#### GIVEN RECORDS ####

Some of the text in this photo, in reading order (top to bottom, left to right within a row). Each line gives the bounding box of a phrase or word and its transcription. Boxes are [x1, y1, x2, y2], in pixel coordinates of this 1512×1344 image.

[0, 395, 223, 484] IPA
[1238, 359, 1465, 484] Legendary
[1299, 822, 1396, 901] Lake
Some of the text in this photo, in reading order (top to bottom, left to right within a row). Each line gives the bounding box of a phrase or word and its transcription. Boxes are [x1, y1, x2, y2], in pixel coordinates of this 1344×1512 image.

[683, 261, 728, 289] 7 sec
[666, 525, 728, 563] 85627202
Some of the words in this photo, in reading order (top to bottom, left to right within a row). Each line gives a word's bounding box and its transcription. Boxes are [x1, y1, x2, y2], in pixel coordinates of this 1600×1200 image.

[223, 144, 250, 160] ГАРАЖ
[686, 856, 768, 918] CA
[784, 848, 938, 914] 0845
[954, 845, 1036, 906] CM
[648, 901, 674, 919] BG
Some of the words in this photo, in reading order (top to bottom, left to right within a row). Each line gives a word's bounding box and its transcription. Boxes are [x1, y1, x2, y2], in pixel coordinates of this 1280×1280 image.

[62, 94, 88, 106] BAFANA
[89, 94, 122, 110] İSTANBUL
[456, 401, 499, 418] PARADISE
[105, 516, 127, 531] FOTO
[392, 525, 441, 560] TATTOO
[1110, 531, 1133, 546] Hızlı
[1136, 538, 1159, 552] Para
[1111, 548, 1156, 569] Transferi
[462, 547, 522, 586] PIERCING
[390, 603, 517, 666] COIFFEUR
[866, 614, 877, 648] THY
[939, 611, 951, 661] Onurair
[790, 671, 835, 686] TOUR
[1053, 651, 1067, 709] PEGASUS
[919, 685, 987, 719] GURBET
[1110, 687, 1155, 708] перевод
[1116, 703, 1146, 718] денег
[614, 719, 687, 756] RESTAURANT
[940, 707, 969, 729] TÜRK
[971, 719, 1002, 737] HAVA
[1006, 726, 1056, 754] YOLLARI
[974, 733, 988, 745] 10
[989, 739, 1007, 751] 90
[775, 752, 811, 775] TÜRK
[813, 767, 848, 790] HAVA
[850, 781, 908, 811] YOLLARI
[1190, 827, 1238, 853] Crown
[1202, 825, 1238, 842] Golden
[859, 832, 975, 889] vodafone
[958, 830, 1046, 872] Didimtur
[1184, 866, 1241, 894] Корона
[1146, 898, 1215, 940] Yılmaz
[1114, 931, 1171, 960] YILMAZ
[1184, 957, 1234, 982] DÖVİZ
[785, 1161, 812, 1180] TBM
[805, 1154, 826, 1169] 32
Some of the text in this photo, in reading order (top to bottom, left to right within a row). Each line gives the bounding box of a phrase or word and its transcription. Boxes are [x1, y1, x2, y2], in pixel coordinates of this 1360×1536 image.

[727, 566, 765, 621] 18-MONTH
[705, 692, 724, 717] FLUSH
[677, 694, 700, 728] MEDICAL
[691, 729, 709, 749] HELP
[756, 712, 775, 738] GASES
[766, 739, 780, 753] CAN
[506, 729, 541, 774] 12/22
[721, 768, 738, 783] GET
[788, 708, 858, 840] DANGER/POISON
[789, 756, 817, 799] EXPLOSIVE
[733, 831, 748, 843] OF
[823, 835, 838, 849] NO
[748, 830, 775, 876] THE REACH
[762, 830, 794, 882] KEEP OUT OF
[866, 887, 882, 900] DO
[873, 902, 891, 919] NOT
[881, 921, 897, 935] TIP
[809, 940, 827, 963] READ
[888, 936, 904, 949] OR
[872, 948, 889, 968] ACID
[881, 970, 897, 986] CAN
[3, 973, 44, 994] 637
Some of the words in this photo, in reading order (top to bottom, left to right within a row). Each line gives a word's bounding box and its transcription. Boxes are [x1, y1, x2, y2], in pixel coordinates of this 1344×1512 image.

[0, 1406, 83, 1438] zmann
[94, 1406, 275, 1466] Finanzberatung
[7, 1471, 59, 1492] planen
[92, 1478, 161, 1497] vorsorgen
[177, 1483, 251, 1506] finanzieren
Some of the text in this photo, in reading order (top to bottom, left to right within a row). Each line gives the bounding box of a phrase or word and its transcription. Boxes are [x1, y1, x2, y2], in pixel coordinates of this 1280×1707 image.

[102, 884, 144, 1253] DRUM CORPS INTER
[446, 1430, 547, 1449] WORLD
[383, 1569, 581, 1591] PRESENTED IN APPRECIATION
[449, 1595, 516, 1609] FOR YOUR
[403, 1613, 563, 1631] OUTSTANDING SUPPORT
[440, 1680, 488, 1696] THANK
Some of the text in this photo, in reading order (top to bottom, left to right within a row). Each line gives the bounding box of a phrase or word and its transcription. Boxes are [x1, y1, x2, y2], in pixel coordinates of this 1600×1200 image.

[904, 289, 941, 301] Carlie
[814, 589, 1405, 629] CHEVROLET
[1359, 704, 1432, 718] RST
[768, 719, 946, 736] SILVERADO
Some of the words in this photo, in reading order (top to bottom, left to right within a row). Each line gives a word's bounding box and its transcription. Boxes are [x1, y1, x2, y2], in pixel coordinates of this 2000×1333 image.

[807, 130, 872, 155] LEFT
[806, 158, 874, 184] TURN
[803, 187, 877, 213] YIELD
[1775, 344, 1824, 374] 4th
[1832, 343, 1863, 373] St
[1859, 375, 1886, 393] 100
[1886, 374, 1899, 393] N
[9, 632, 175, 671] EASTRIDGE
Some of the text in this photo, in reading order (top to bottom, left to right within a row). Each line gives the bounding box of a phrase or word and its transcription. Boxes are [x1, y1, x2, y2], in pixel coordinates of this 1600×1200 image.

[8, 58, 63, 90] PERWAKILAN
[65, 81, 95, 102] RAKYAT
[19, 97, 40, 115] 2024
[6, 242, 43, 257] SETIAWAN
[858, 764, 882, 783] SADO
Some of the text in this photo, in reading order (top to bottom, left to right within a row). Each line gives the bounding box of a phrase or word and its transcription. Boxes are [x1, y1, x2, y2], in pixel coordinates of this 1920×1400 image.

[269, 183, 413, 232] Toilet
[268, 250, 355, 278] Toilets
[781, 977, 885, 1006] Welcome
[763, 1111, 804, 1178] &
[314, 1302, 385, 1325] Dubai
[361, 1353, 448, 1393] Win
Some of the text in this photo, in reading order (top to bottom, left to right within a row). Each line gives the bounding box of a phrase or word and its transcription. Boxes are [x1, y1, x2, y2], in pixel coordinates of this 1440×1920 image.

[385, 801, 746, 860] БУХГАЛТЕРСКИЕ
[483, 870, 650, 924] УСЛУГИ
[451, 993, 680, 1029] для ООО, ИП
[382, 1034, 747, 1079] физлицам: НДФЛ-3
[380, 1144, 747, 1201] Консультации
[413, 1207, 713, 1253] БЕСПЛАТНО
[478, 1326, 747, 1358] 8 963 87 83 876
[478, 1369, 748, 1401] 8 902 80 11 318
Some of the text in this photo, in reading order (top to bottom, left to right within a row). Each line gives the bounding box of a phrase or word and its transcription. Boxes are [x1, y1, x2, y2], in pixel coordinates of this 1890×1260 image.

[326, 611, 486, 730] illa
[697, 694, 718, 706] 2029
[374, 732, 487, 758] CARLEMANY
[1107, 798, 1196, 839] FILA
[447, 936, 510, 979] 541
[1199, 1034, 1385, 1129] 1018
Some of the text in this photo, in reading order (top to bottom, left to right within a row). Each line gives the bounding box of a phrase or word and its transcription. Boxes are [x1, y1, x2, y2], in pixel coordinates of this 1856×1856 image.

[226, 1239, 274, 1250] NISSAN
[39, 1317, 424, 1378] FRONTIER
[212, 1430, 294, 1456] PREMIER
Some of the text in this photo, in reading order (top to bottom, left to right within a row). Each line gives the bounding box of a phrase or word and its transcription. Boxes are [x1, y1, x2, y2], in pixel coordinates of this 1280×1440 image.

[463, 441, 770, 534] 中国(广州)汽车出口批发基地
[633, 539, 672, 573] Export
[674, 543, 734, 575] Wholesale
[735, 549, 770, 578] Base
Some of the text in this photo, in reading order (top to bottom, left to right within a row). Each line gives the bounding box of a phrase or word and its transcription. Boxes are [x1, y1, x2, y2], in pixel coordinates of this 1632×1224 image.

####

Please retype, exactly as written, every line from the line containing "this 1280×1440 image." through the last line of the records above, including both of those lines, and nothing else.

Some of the text in this photo, in reading order (top to bottom, left to right within a row). Each line gives the bounding box of a phrase or word and its transcription. Boxes are [x1, y1, x2, y2], in pixel coordinates of this 1280×1440 image.

[463, 441, 770, 534] 中国(广州)汽车出口批发基地
[633, 539, 672, 573] Export
[674, 543, 734, 575] Wholesale
[735, 549, 770, 578] Base
Some of the text in this photo, in reading order (top to bottom, left to right within a row). Each line gives the bounding box of a phrase or word and its transcription. Boxes are [x1, y1, x2, y2], in pixel coordinates of this 1632×1224 image.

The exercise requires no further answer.